One analyst with a 2023 playoff team showed confidence in his organization’s process and ability to spot signal from noise.
“Performance numbers and how parks play is generally handled pretty well by current year park factors in a performance model. Xstats (expected statistics) based on exit velocity (EV) and launch angle data help account for any juiced ball concerns. Now as far as hot bats and exaggerated EV data, for me, I like to look at it as where a player sits within the population of college players rather than looking for a specific EV number. Assuming that the general talent level has remained similar, one standard deviation above average is still as valuable as one standard deviation above average was five years ago.”
This was a consistent response from each analyst we spoke with. While each team might have slight variations of how they achieve this, each analyst described a process of standardizing the field and weighing factors of performance, exit velocity, launch angle as well as contact/approach data to remove noise. Statistical tools adjust for quality of competition, park factors and a multitude of other “noise” that could explain why one .330/.420/.550 hitter is actually more impressive than one who’s hitting .380/.520/.700.
“We really just look at the percentages” is how one analyst put it. “We standardize everything to the SEC level and then we factor in park factors, batted ball data etc. This allows us to sort of look at everything on an even playing field. You don’t get caught up focusing on the home run total or the 90th percentile EV, instead you look at where he ranks percentage-wise against the field.”

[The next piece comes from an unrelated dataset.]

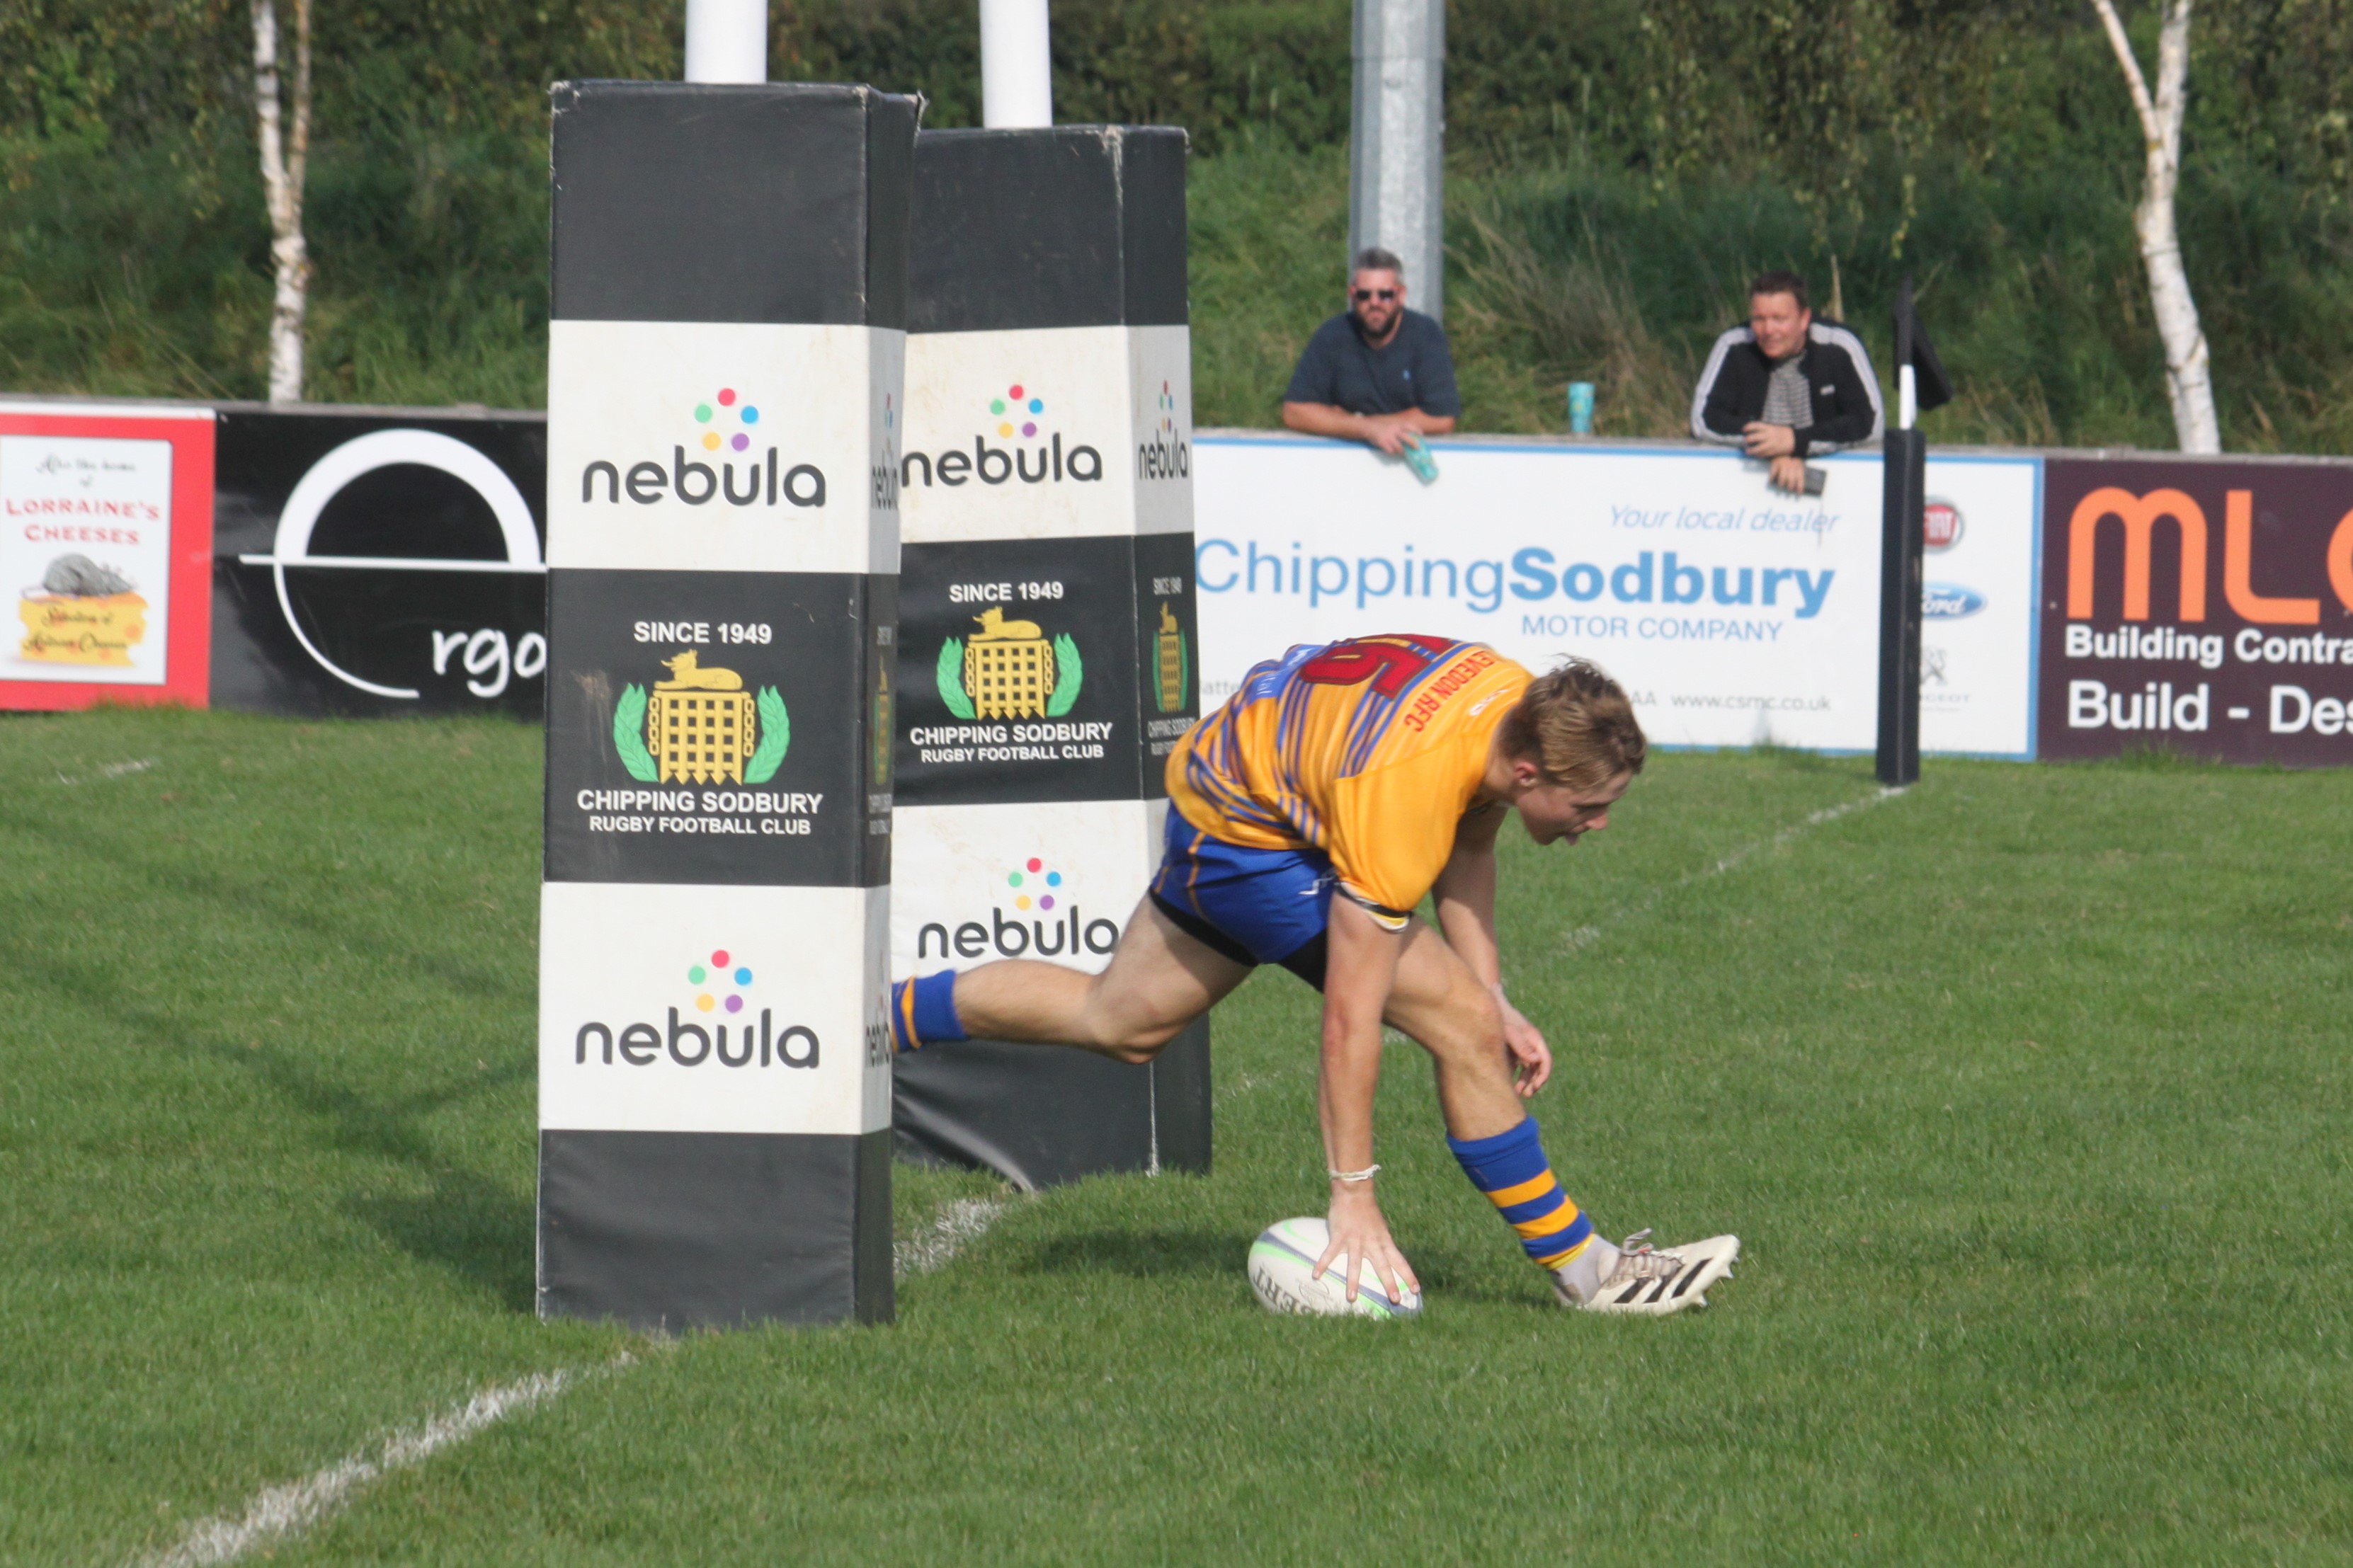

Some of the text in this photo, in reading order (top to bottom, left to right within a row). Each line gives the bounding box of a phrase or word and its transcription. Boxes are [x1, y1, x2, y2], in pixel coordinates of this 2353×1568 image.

So if everyone’s on a similar playing field, it doesn’t matter if a hitter is hitting the ball consistently 110 mph in a college environment where 110 mph exit velocities are top tier or 118 mph where 118 mph is top tier.
Where your skills rank across the larger pool of draft prospects is still the measuring stick. Certainly we’ll see some players falter as professionals, products of tampered bats and potentially juiced balls. But teams are confident they’ll be able to spot the signal from the noise.